The goal of this clinical trial is to evaluate the feasibility and safety of pterygopalatine ganglion (PPG) stimulation in adults with geographic atrophy (GA) secondary to age-related macular degeneration (AMD). The main questions it aims to answer are: Is PPG stimulation feasible to implement, as reflected by participant adherence to the intervention and completion of follow-up assessments? Is PPG stimulation safe, as assessed by the incidence of adverse events and clinical ophthalmic examinations? What are the preliminary effects of PPG stimulation on choroidal perfusion, retinal sensitivity, visual acuity, and the progression of GA lesion area? Researchers will compare active PPG stimulation with sham stimulation (a procedure that mimics the intervention without delivering real stimulation) to assess feasibility and safety, while exploring potential therapeutic effects. Participants will: Receive active or sham PPG stimulation according to randomization over a 12-month study period Attend scheduled clinic visits for safety monitoring and multimodal ophthalmic assessments Undergo examinations including optical coherence tomography (OCT), fundus autofluorescence imaging, microperimetry, and visual acuity testing
Study Type
INTERVENTIONAL
Allocation
RANDOMIZED
Purpose
TREATMENT
Masking
TRIPLE
Enrollment
62
Electrical stimulation was delivered using a disposable sterile needle electrode (0.30 × 60 mm; Beijing Keyuan Medical Devices Co., Ltd., China). Under ultrasound guidance, the needle tip was advanced into the pterygopalatine fossa. Ipsilateral pterygopalatine ganglion stimulation was administered to the study eye using an intermittent waveform at a frequency of 5 Hz and a current intensity of 1-2 mA for 10 minutes. The stimulation intensity was adjusted to elicit a mild local electrical sensation as perceived by the participant.
During sham stimulation, a disposable stainless steel needle (0.25 × 25 mm) was inserted superficially at the same anatomical location as in the active stimulation group, to a depth of approximately 2 cm. Ultrasound guidance was applied in an identical manner to that used in the active intervention to mimic the procedural experience. However, the internal circuitry of the stimulation device was disconnected to prevent current delivery. The device interface continued to display real-time parameters, including current intensity, frequency, and stimulation duration, thereby maintaining the appearance of active operation.

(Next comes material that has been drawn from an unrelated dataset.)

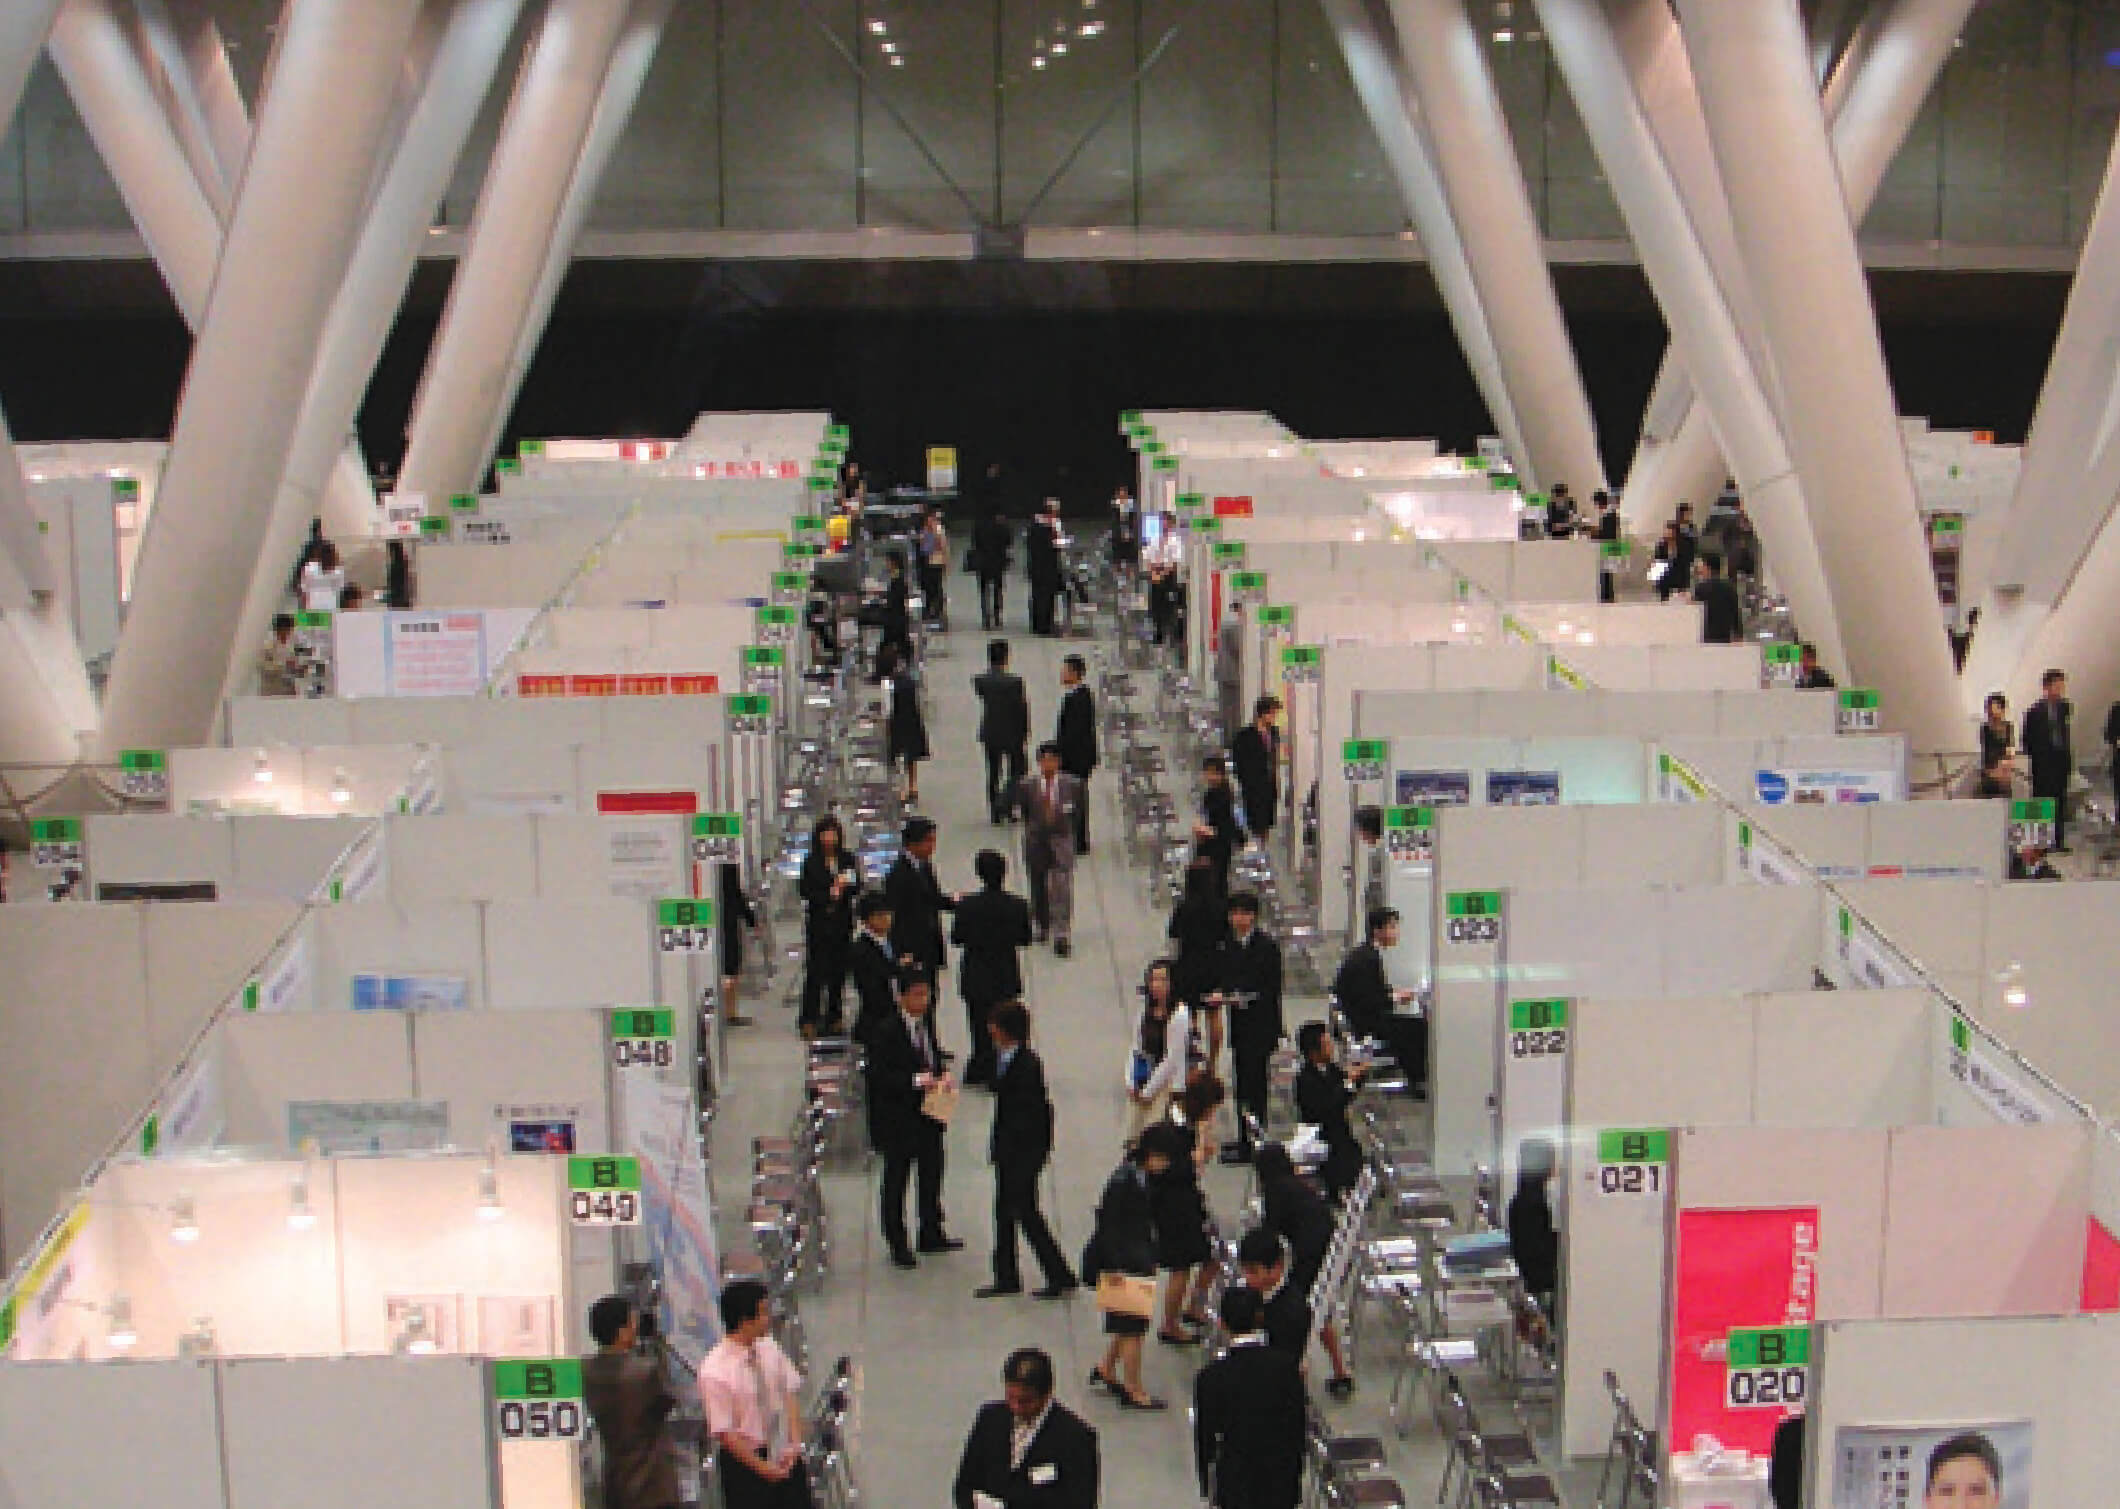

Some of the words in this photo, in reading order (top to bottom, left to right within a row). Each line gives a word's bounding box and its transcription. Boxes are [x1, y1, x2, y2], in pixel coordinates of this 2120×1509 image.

Shanghai Research Institute of Acupuncture and Meridian
Shanghai, China
Proportion of participants who completed the trial
Proportion of participants who were successfully randomized to either intervention group, fully adhered to the assigned intervention protocol, and completed all scheduled follow-up assessments.
Time frame: At 12 months
Incidence of adverse events
Time frame: From enrollment to 12 months
Choroidal structure
Time frame: -7 to 0 days, 1, 3, 6, 9, and 12 months
Retinal sensitivity
Time frame: Baseline (0), 6 months, and 12 months
Standard and low-luminance best corrected visual acuity
Time frame: -7 to 0 days, 1, 3, 6, 9, and 12 months
Geographic atrophy lesion area and square root-transformed geographic atrophy area
Time frame: -7 to 0 days, 6 months, and 12 months
Contrast sensitivity
Time frame: Baseline (0), 1, 3, 6, 9, and 12 months
25-item National Eye Institute Visual Function Questionnaire score
Vision-related quality of life was assessed using the 25-item National Eye Institute Visual Function Questionnaire (NEI VFQ-25). This corresponds to a score between 0 and 100, with higher scores indicating better visual quality of life
Time frame: Baseline (0), 6 months, and 12 months
Treatment credibility scale score
Assessed by asking participants to rate their response to five questions on a 10-point treatment credibility scale developed by Borkovec and Nau. Higher scores represent higher expectations of efficacy.